TASK OBJECTIVE: Each and every line below goes into your answer unchanged, but leave out the images.

*** Block opens ***

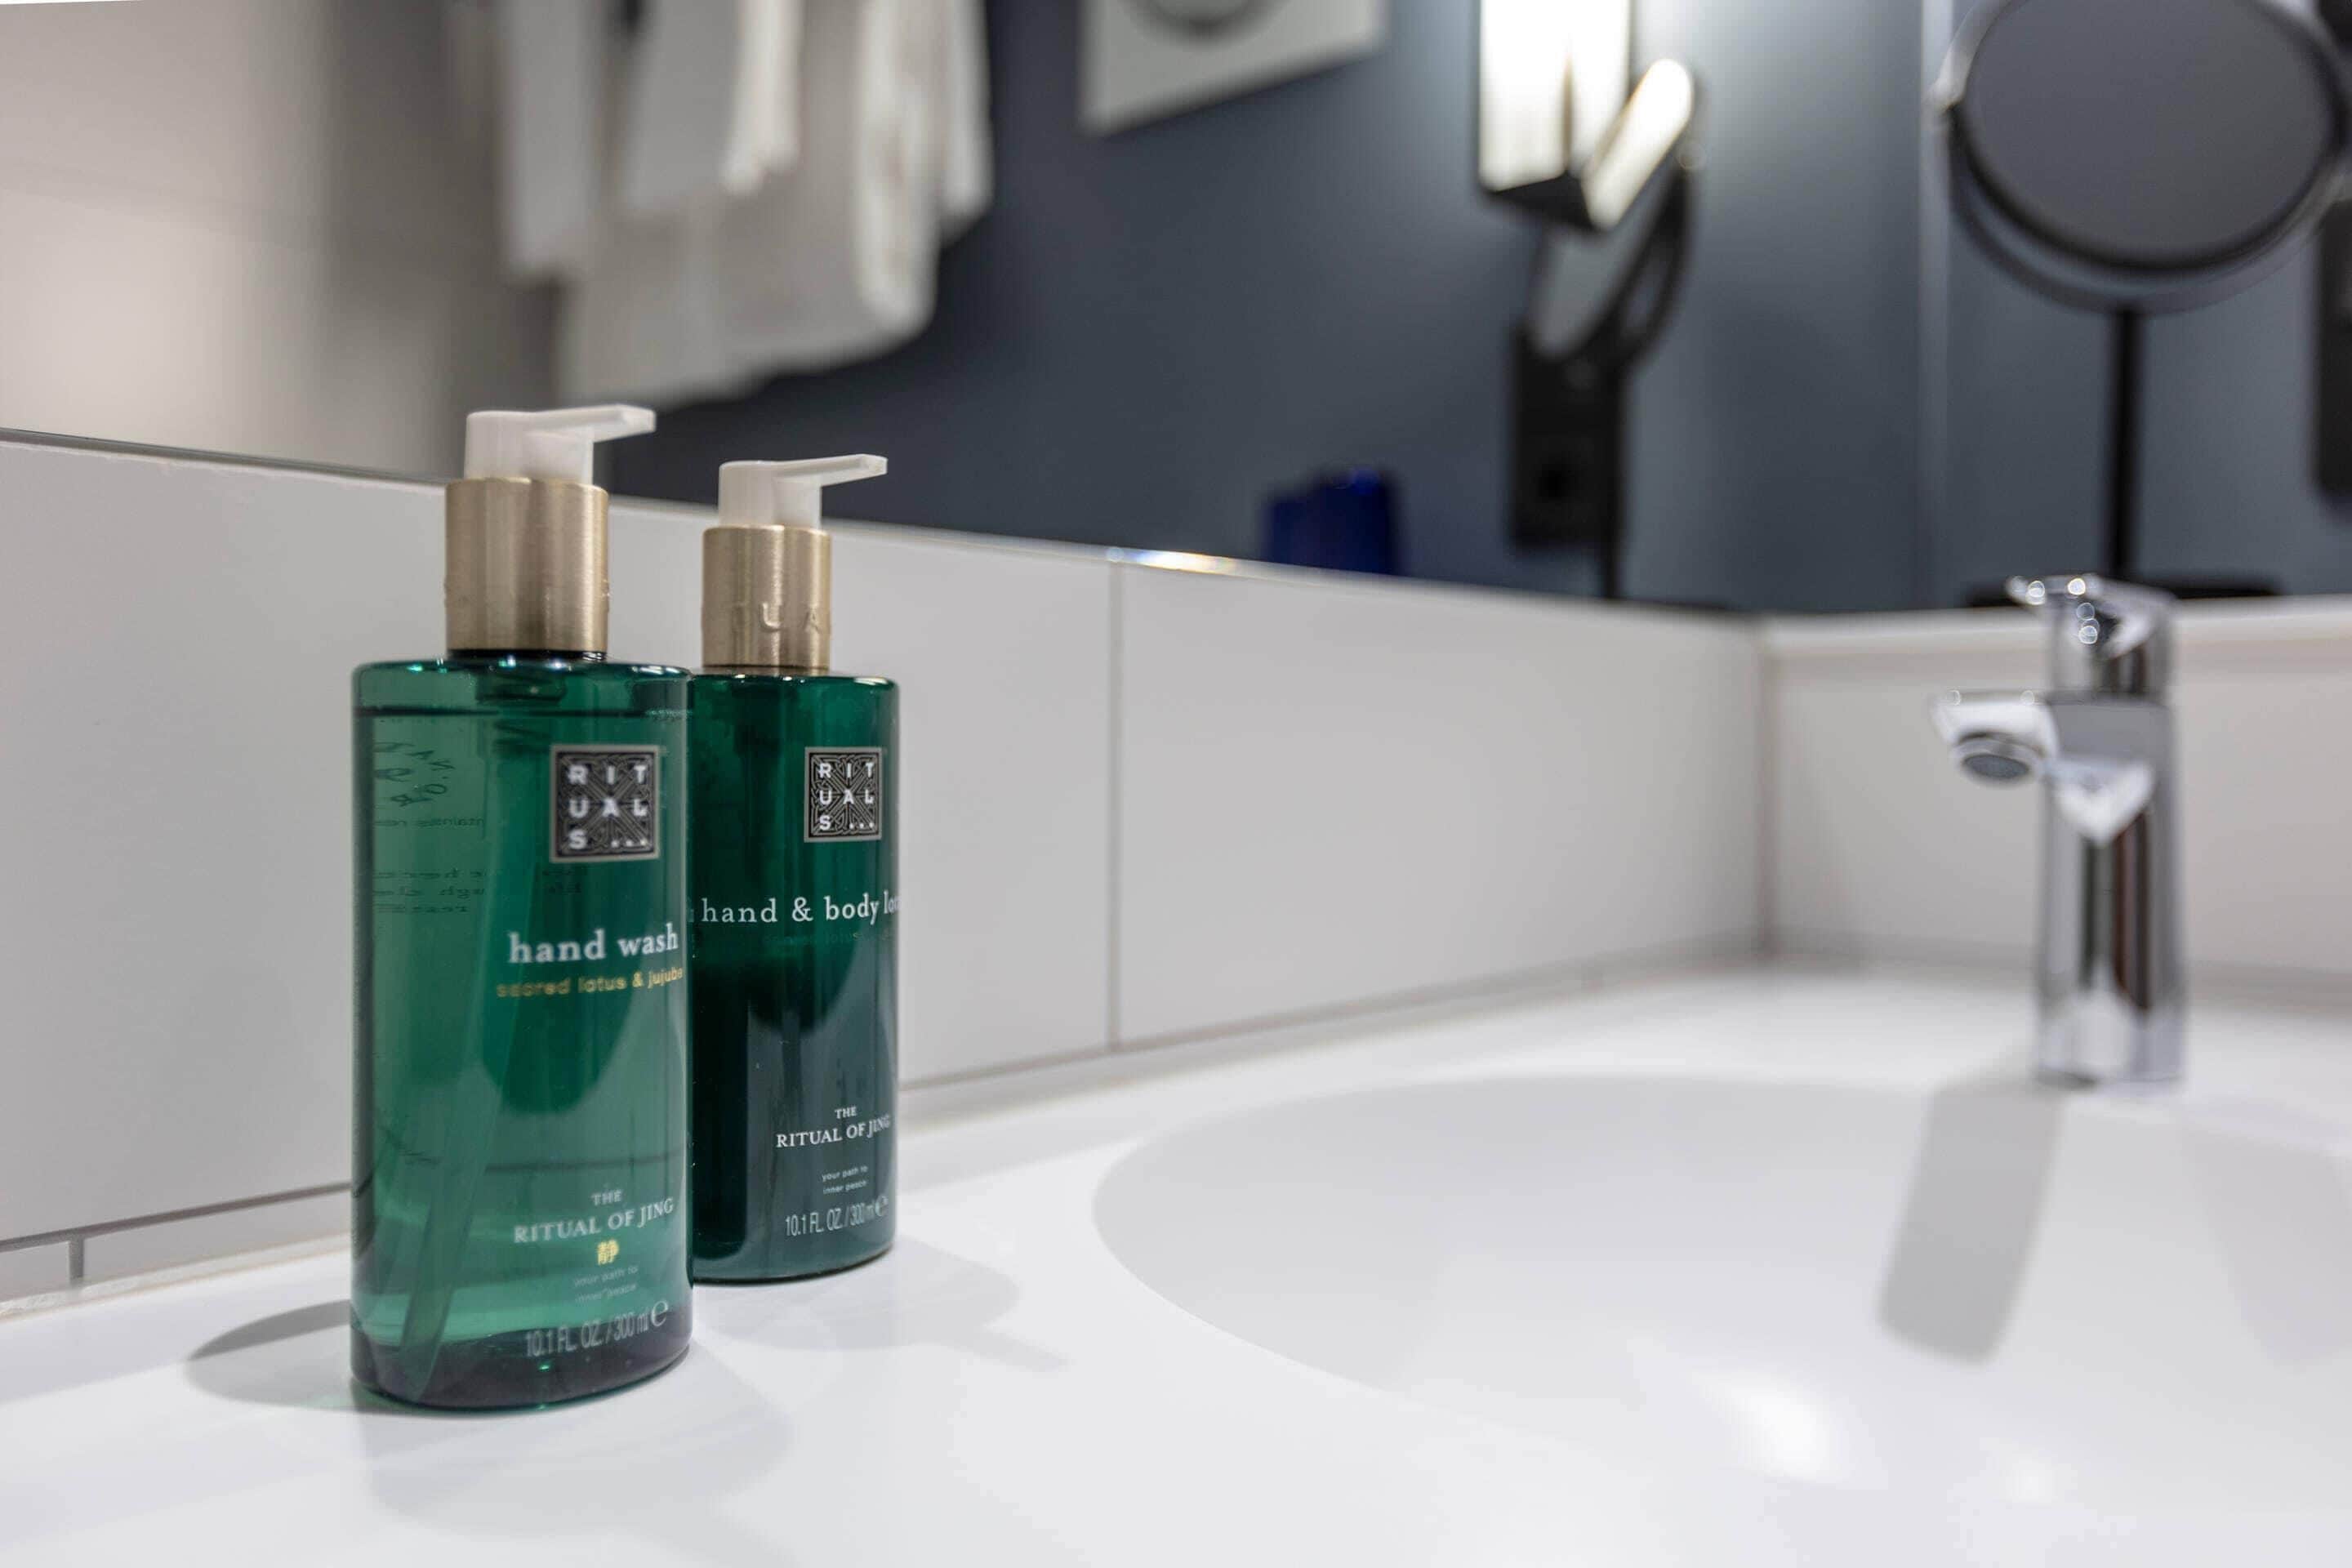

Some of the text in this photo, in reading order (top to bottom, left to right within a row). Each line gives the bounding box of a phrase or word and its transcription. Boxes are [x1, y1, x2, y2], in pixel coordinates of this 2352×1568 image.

[701, 898, 777, 923] hand
[791, 896, 813, 922] &
[823, 892, 880, 925] body
[507, 921, 679, 964] hand wash
[496, 966, 684, 998] sacred lotus & jujube
[835, 1106, 858, 1120] THE
[776, 1114, 891, 1148] RITUAL OF JING
[822, 1171, 840, 1183] your
[591, 1189, 623, 1206] THE
[513, 1197, 674, 1244] RITUAL OF JING
[785, 1214, 807, 1236] 10.1
[525, 1330, 555, 1357] 10.1
[613, 1311, 635, 1341] 300

*** Block closes ***

TASK RESPONSE:
Some of the text in this photo, in reading order (top to bottom, left to right within a row). Each line gives the bounding box of a phrase or word and its transcription. Boxes are [x1, y1, x2, y2], in pixel coordinates of this 2352×1568 image.

[701, 898, 777, 923] hand
[791, 896, 813, 922] &
[823, 892, 880, 925] body
[507, 921, 679, 964] hand wash
[496, 966, 684, 998] sacred lotus & jujube
[835, 1106, 858, 1120] THE
[776, 1114, 891, 1148] RITUAL OF JING
[822, 1171, 840, 1183] your
[591, 1189, 623, 1206] THE
[513, 1197, 674, 1244] RITUAL OF JING
[785, 1214, 807, 1236] 10.1
[525, 1330, 555, 1357] 10.1
[613, 1311, 635, 1341] 300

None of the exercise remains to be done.